Canadian Auto Sales Down 12 Percent in Q3, Guess Why

Published on October 7, 2021 in News by The Car Guide

The ongoing global chip shortage combined with other production and logistics issues are currently pumping the brakes hard on the post-pandemic sales recovery.

While the Canadian auto industry achieved a spectacular rebound of 51.7 percent in the second quarter of 2021, it fell back 12 percent in the third quarter according to sales numbers compiled by Automotive News Data Center.

More specifically, 444,651 new light-duty vehicles were sold across the country from July through September, versus 505,189 during the same period a year ago. The drop is 9.7 percent for passenger cars and 12.6 percent for light trucks.
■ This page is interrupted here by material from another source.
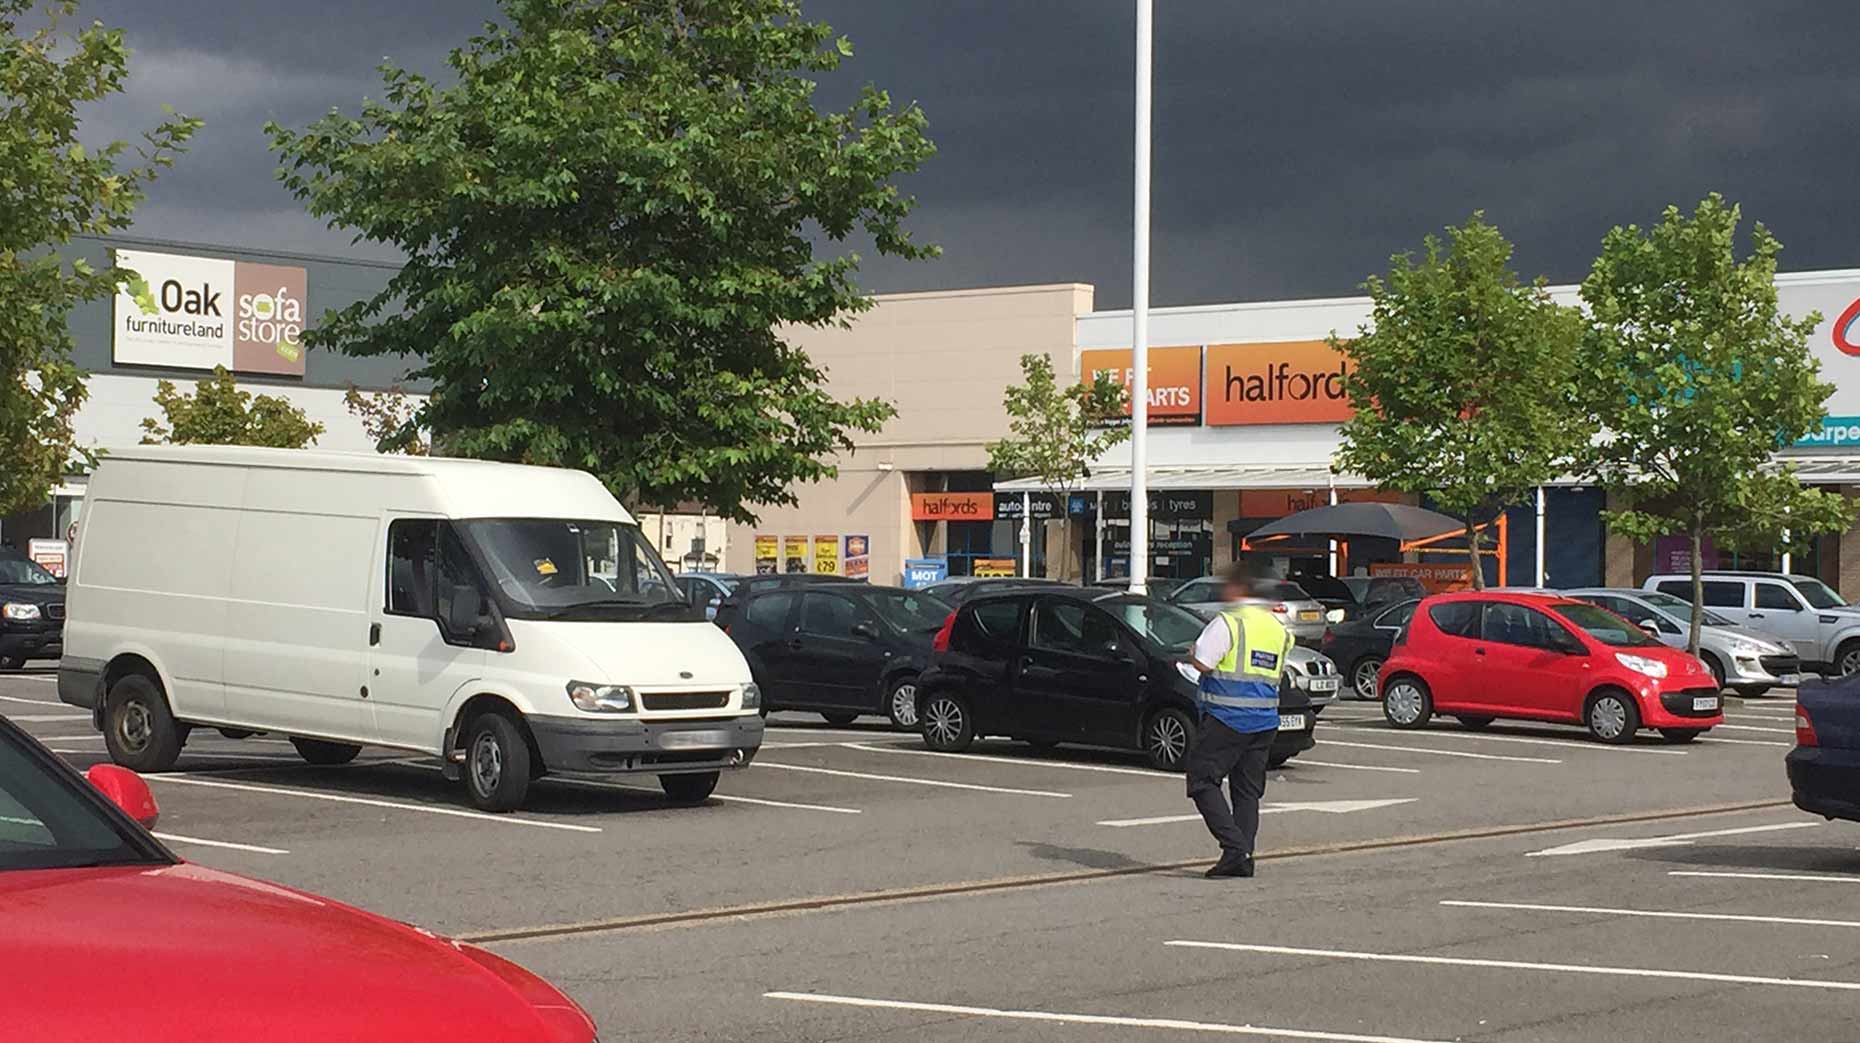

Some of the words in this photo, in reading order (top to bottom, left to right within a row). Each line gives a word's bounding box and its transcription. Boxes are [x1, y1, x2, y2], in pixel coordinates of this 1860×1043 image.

The American manufacturers took the biggest hits in Q3. Stellantis is down 34.2 percent mainly due to Ram trucks (-44.4 percent), Ford posted a decline of 25.4 percent, and General Motors slipped 23.1 percent. The only exception is Tesla. Elon Musk’s company beat its own quarterly record globally and jumped an impressive 23.8 percent in Canada.

Other notable drops include Mercedes-Benz (-11 percent), Nissan (-10.2 percent), Jaguar Land Rover (-9.4 percent), Mazda (-6.2 percent), Honda (-5.9 percent) and Hyundai (-5.5 percent).

For the first nine months of 2021, Canadian light-duty vehicle sales amounted to 1,313,044 units, an increase of 13.5 percent from the same period in 2020.